Derivation, which is the major source of new lexemes in the Czech language, is a process that adds affixes to existing lexemes to change their meanings, e.g., 'stavitel' ('builder') > 'stavitelka' ('female builder'). The affix -ka, derives also nouns with other meanings, for instance, the diminutive 'skříňka' ('small wardrobe') and the instrument noun 'žehlička' ('iron'). These meanings added through derivation are explicitly captured only in a few language resources. My dissertation topic is to find a set of derivational meanings, implement it to the data resources and, finally, compare how the same derivational meanings vary across different languages.

In the talk, I will introduce existing approaches to derivational semantics across language resources and linguistic theories. I will present several pilot experiments on labelling a few selected derivational meanings using (un)supervised computational methods.
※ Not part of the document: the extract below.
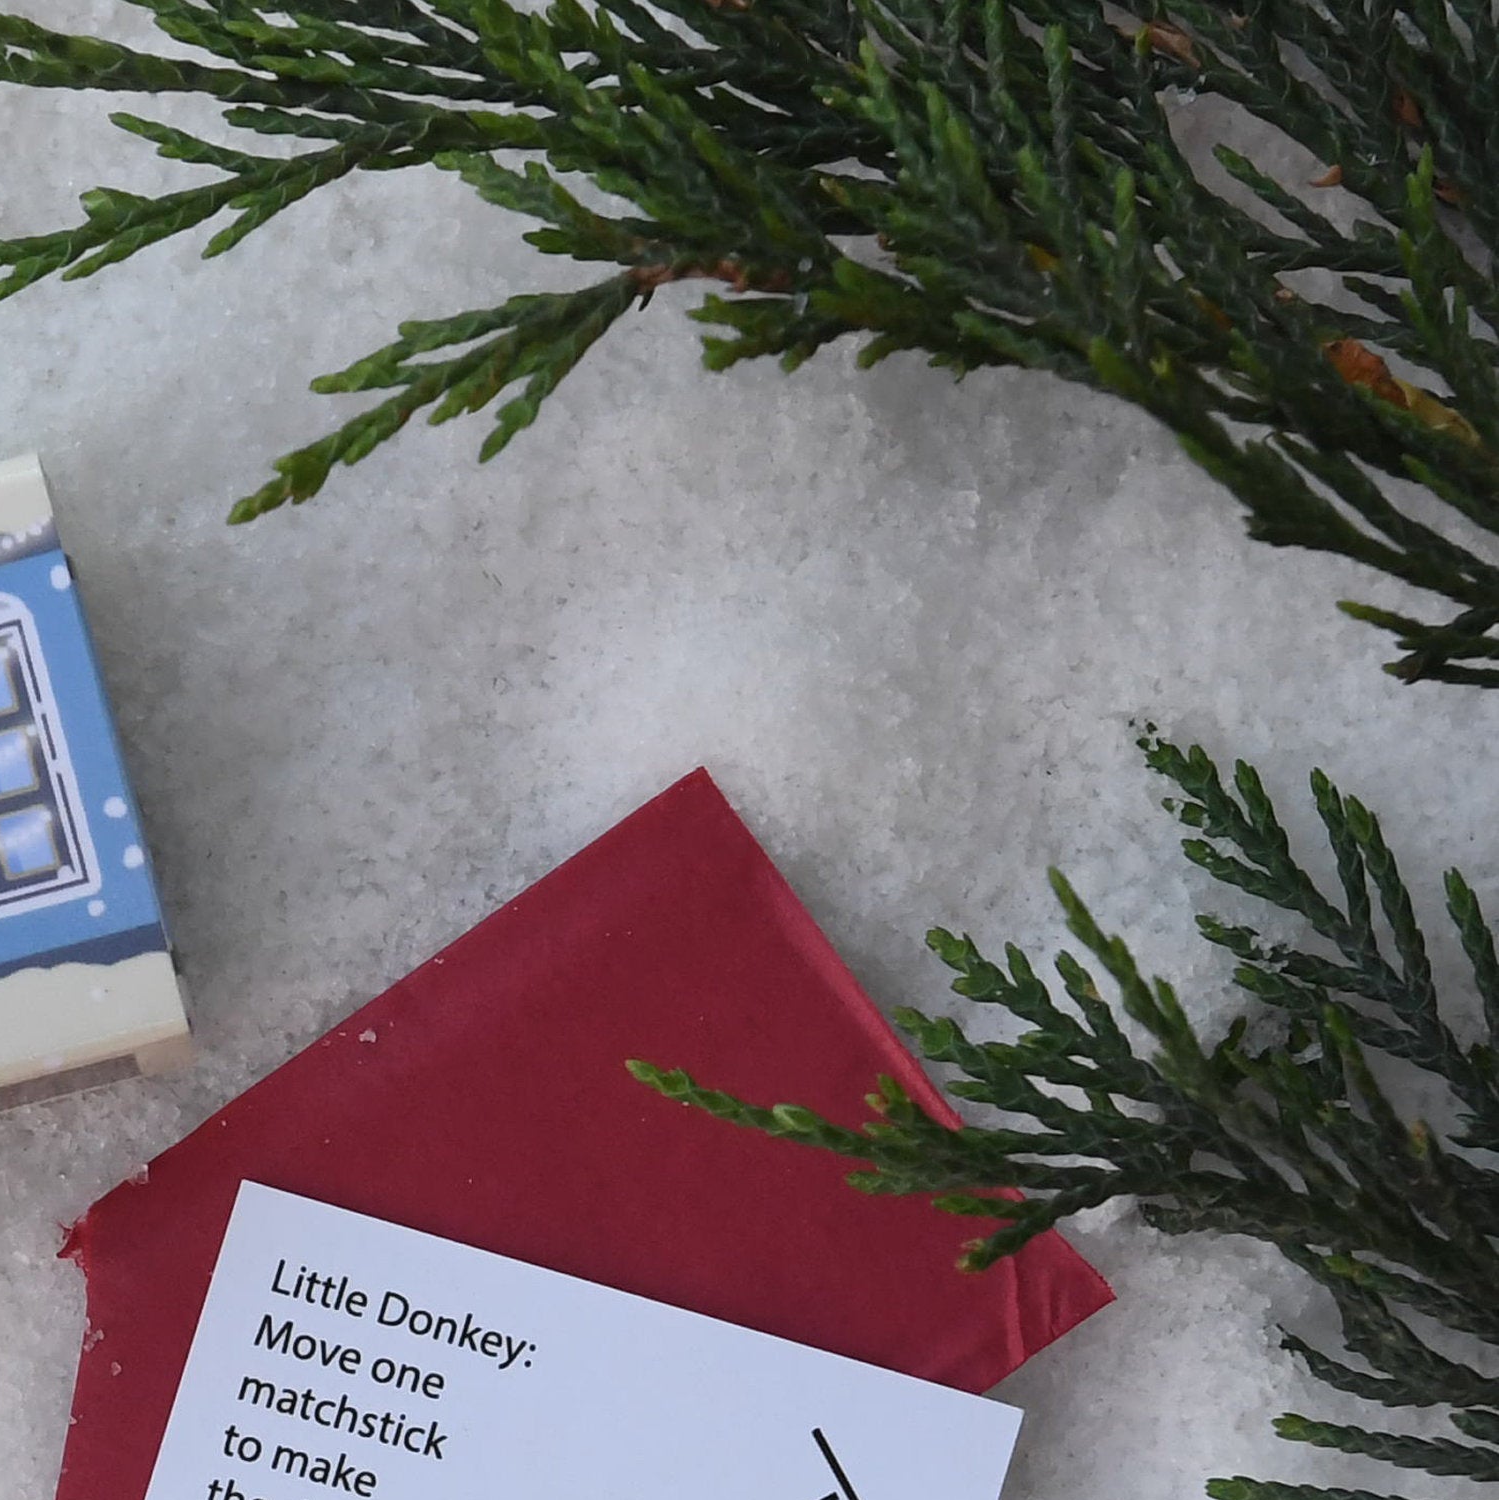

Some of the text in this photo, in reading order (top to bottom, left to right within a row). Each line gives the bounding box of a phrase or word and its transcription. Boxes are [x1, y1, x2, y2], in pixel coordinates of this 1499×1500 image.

Emil Svoboda: Modelling compounds across languages



Composition is a word formation process wherein new new naming units are created by combining already existing lexical items together, like in the Czech rybolov = [‘ryba’ + ‘lov’] (fishery), the English flowerpot = [‘flower’ + ‘pot’], the Bulgarian четоводство [чета + водя] (bookkeeping), or the Ancient Greek φιλοσοφία [‘φίλειν’ + ‘σοφία’] (philosophy). 

The problem to be tackled in my dissertation is to construct a theoretical model for this word-formation process general enough to be applicable for an assortment of different languages, but grounded enough to be usable for computational methods. This is a challenging task, because languages tend to differ significantly in their utilization of compounding in general, in what types of compounds they exhibit and how often, and even how their respective linguistic traditions conceptualize and define compound words.

This shall be done with the express purpose of enriching and harmonizing multilingual data resources in mind, which is itself to be carried out in parallel with the development of the model. For this reason, it follows naturally that I am also to build tools to automatically detect compound words, as well as find their constituent words.

In my presentation, I will set forth the numerous obstacles that await me in the pursuit of the aforementioned goal, how I plan on overcoming these, what tools, methods and knowledge I have at my disposal to do so and, finally, how successful I have been so far.